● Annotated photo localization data
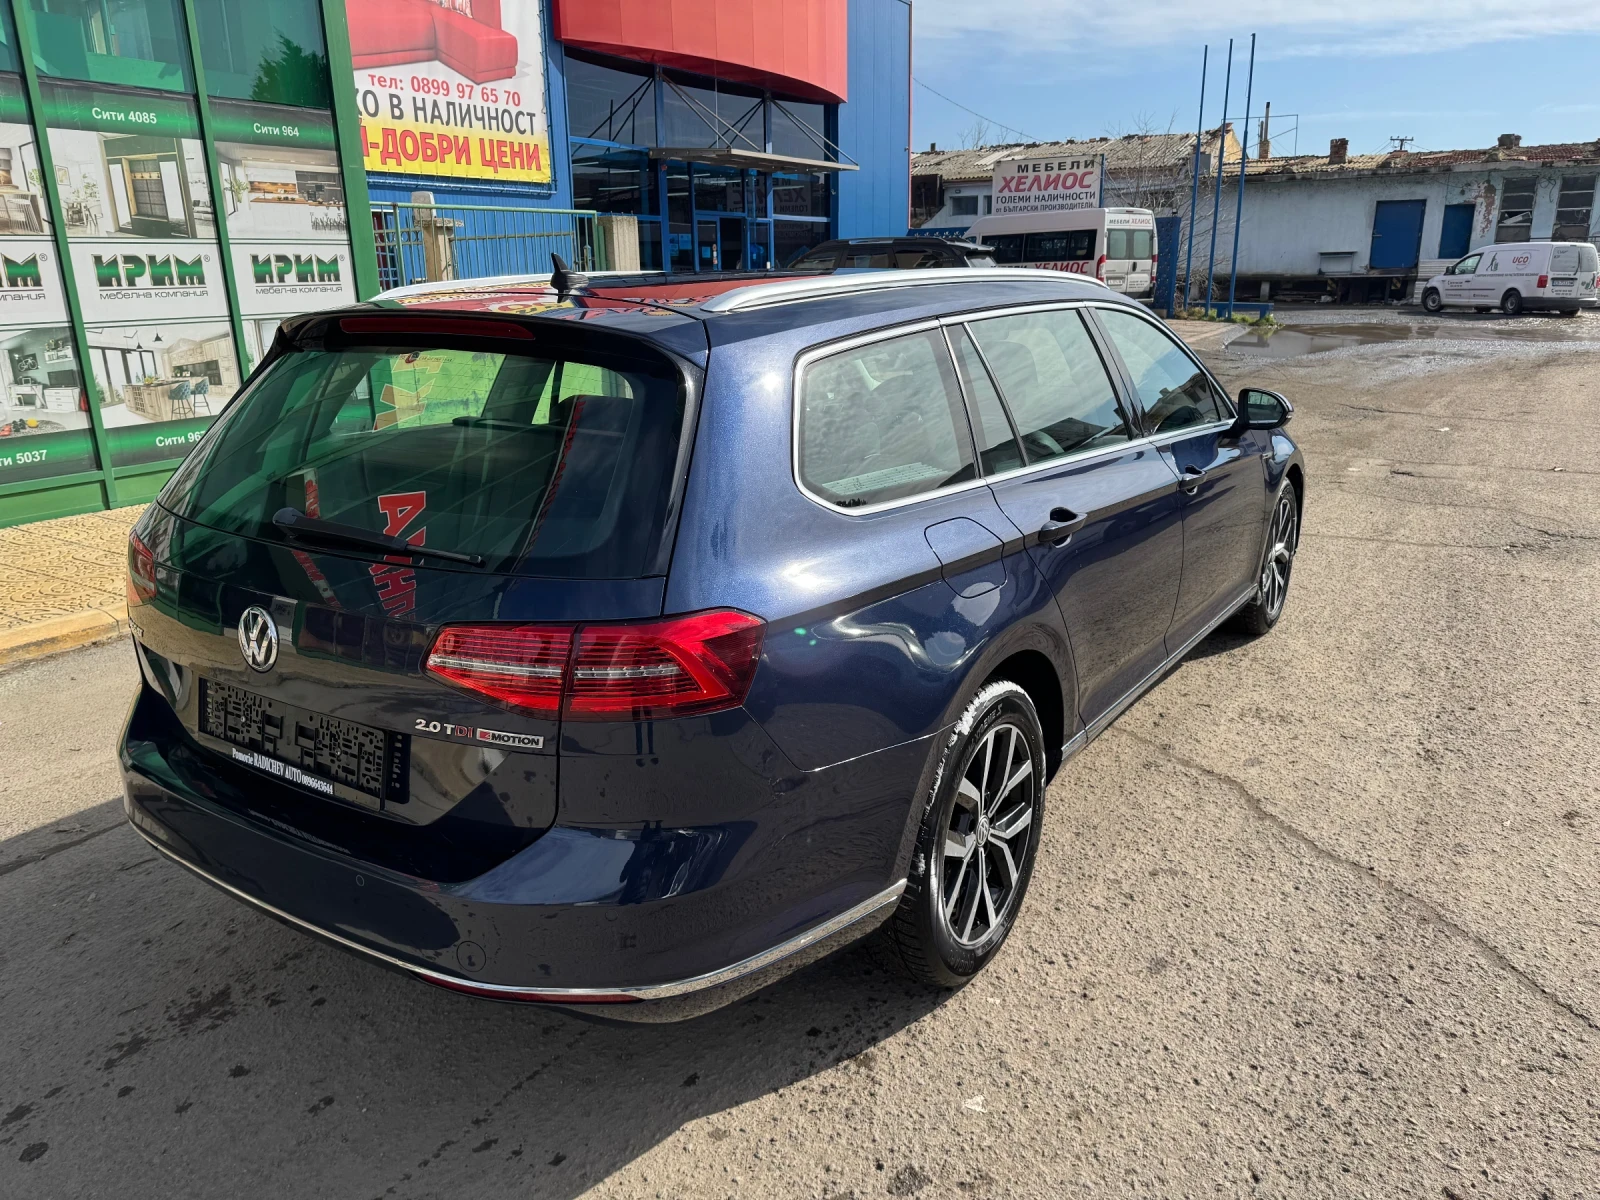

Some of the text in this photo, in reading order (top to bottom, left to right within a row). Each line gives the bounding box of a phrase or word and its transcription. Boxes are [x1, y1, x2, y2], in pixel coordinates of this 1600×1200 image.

[368, 74, 521, 106] тел: 0899 97 65 70
[92, 107, 157, 124] Сити 4085
[389, 93, 404, 120] В
[412, 96, 536, 135] НАЛИЧНОСТ
[253, 123, 300, 137] Сити 964
[479, 138, 542, 174] ЦЕНИ
[1017, 160, 1095, 173] МЕБЕЛИ
[998, 171, 1094, 193] ХЕЛИОС
[996, 191, 1096, 204] ГОЛЕМИ НАЛИЧНОСТИ
[1003, 205, 1039, 213] БЪЛГАРСКИ
[1040, 202, 1093, 211] ПРОИЗВОДИТЕЛИ
[250, 254, 341, 283] ИРИМ
[1512, 256, 1529, 264] UCO
[91, 253, 206, 287] ИРИМ
[100, 290, 209, 299] мебелна компания
[156, 436, 185, 447] Сити
[16, 449, 48, 464] 5037
[415, 719, 441, 732] 2.0
[444, 723, 473, 738] TDI
[232, 748, 334, 794] Pomorie RADICHEV AUTO 0896643644

● EXERCISE DETAILS
Output the data above verbatim, pictures excluded.

● RESPONSE BELOW
Some of the text in this photo, in reading order (top to bottom, left to right within a row). Each line gives the bounding box of a phrase or word and its transcription. Boxes are [x1, y1, x2, y2], in pixel coordinates of this 1600×1200 image.

[368, 74, 521, 106] тел: 0899 97 65 70
[92, 107, 157, 124] Сити 4085
[389, 93, 404, 120] В
[412, 96, 536, 135] НАЛИЧНОСТ
[253, 123, 300, 137] Сити 964
[479, 138, 542, 174] ЦЕНИ
[1017, 160, 1095, 173] МЕБЕЛИ
[998, 171, 1094, 193] ХЕЛИОС
[996, 191, 1096, 204] ГОЛЕМИ НАЛИЧНОСТИ
[1003, 205, 1039, 213] БЪЛГАРСКИ
[1040, 202, 1093, 211] ПРОИЗВОДИТЕЛИ
[250, 254, 341, 283] ИРИМ
[1512, 256, 1529, 264] UCO
[91, 253, 206, 287] ИРИМ
[100, 290, 209, 299] мебелна компания
[156, 436, 185, 447] Сити
[16, 449, 48, 464] 5037
[415, 719, 441, 732] 2.0
[444, 723, 473, 738] TDI
[232, 748, 334, 794] Pomorie RADICHEV AUTO 0896643644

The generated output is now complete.